Gazimagomadov vigorously defended the need to take blood vengeance: “I speak,” he told Allenova, “that which can defend my people. It was a big mistake when they began to forget about blood vengeance in Chechnya. They [the separatists] think that if we wear a [Russian] uniform, then we can’t take revenge against them for our friends or our relatives. But they are mistaken.” And Buladi, Gazimagomadov’s deputy, underlined: “A civil war is currently taking place here. Chechens are fighting Chechens.”

(In a subsequent conversation with the pro-Moscow first deputy mayor of Grozny, Ibragim Yasuev, Allenova asked: “Tell us about blood vengeance.” “That’s good adat,” Yasuev replied. “Earlier, before the 1990s, it was rarely applied. Now to kill someone is no different than drinking a cup of coffee. Previously people lived in peace and felt fear. They knew that if someone killed someone, there would be no peace for his relations from the relatives of the person killed. It’s an ancient law…In Chechnya you will not introduce order by normal methods! Things have gone too far. No one fears the law. They fear lawlessness. If you elevate our adats to the rank of law, then no other laws will be necessary.”)

Going out on patrol with Gazimagomadov’s OMON unit, Allenova observed the unit’s vendetta philosophy in action. Three armed young men were arrested and handcuffed after a sweep of a local marketplace. “To each of them, the OMON went up and began to beat them about the legs,” while making threatening statements. “What did you say to them,” Allenova asked one of the OMON men, Ali. “The words interest you?” Ali responded. “I said: ‘If you, you wretch, blew up our lads, then we’ll tear you to pieces in front of your comrade. If you didn’t do it, then tell us who did.'”

In addition to an expected animus held against the separatists, the OMON personnel also had a low opinion of the Russian soldiers based in the republic. “Putin,” one of them remarked to Allenova, “blurted out that the war has ended. Then why are there so many of them [Russian soldiers] here? There are checkpoints all about and cleansing operations, while the people suffer. And for that reason there is a different attitude toward us. You, they say, are helping the Russians, while the Russians are killing and torturing us. Do you think that it is easy to work when your neighbor, with whom you have grown up, looks at you with eyes full of hatred?”

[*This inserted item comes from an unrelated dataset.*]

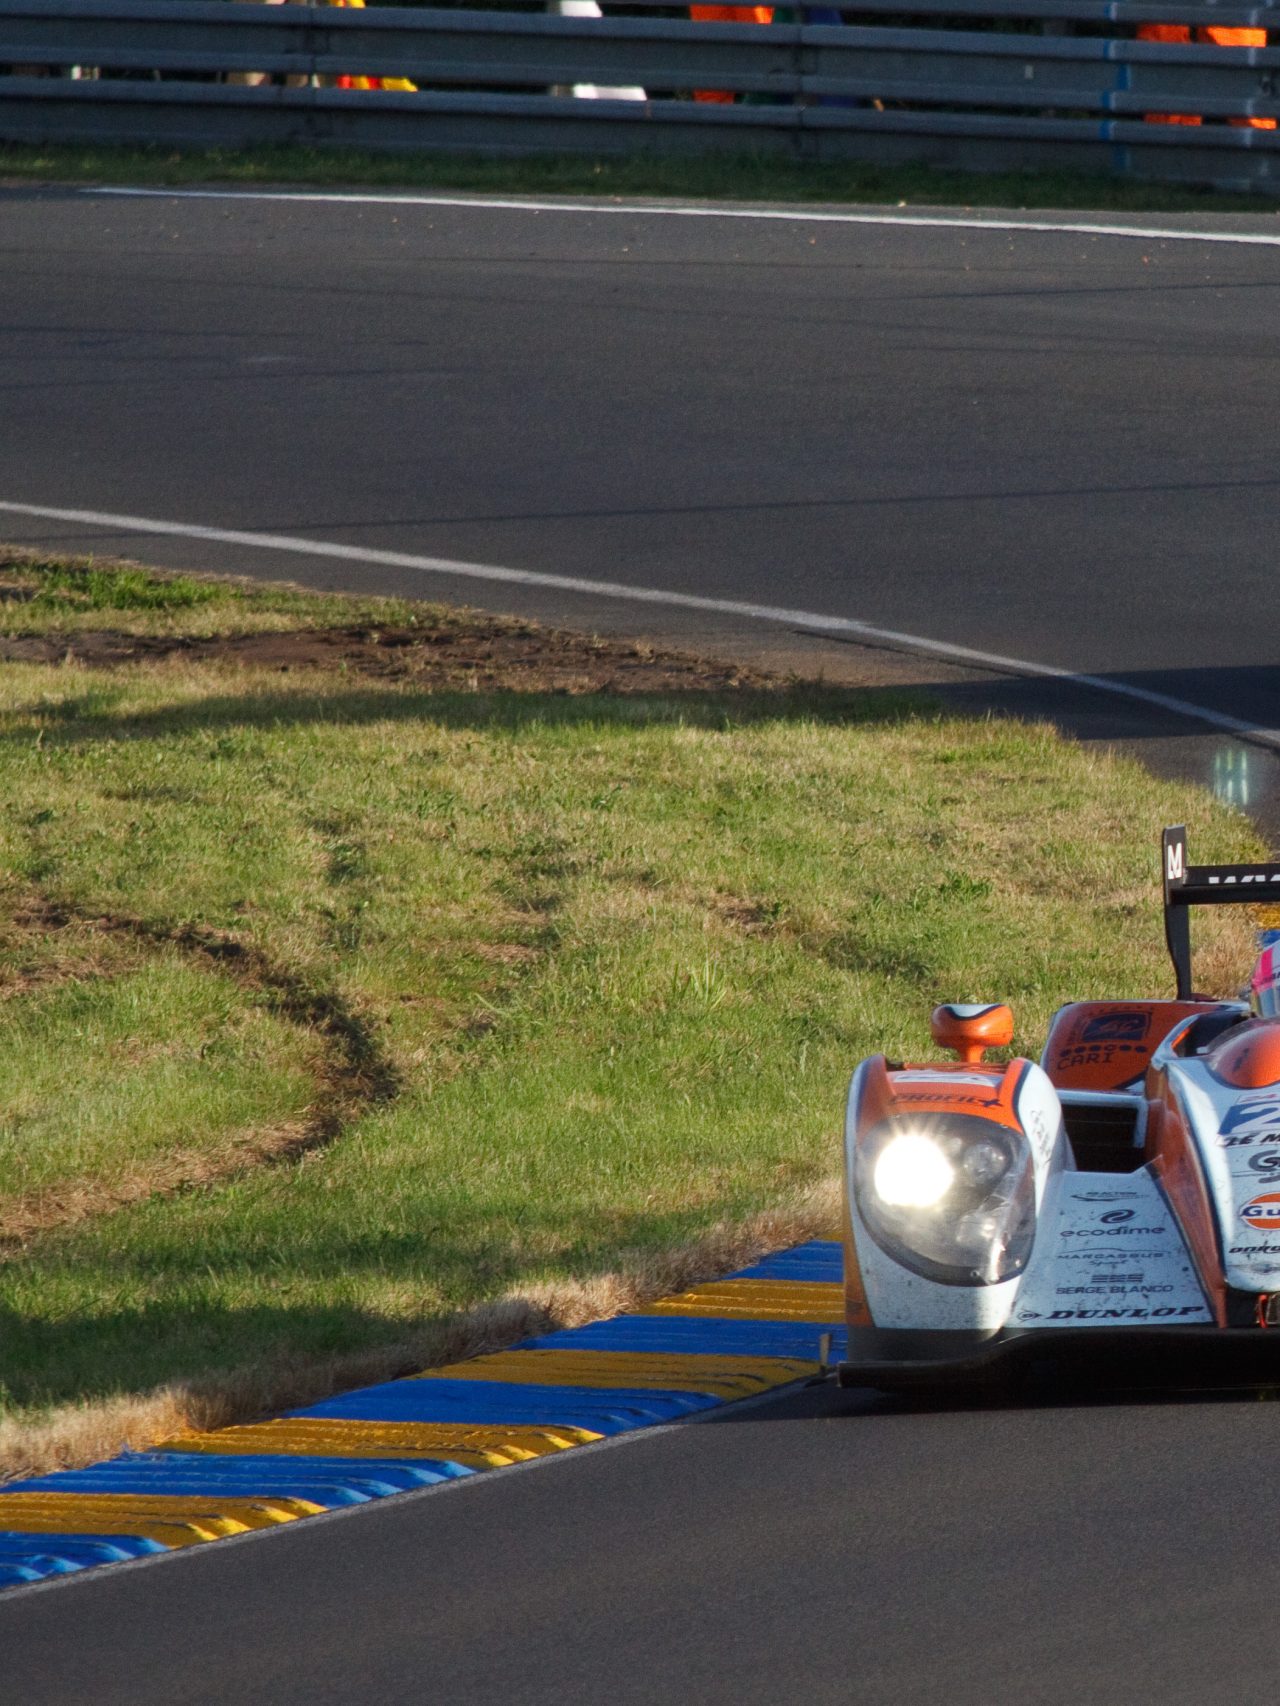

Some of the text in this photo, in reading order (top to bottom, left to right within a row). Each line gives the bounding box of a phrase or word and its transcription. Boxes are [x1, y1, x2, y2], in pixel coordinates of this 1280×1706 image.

Going to a Russian military unit based in Grozny to spend the night, Allenova and her colleague discovered that the Chechen OMON’s dislike of the Russians was being more than reciprocated. Two Russian officers came up to them and offered to share a bottle of vodka. One of them, a major, asked provocatively: “Why are you having dealings with the black-asses? Haven’t they robbed and killed enough people?” “What are you saying?” Allenova and Mel’nikov responded indignantly, “They’re fighting with the bandits.” “I myself am in intelligence,” the other officer, a captain, replied, “Whatever they tell you about their operations has been sewn together with white thread. These savages don’t recognize any laws. All they know is how to slit throats. You mentioned blood vengeance. What [Russian] law is that compatible with?… Do you think that they can do anything serious?”

To sum up, the contentious formation of a pro-Moscow Chechen Ministry of Internal Affairs–a key element in the Kremlin-sponsored program of Chechenization–represents a complex process, replete with pitfalls and numerous difficulties. Many of the Russian soldiers and police based in the republic exhibit a quasi-racial repugnance for the pro-Moscow Chechens, who themselves are scarcely enamored of the Russians. In addition, the current strategy of the pro-Moscow police appears to revolve around the ancient Chechen practice of “blood vengeance.” None of this would seem to provide any grounds for optimism concerning the republic’s future.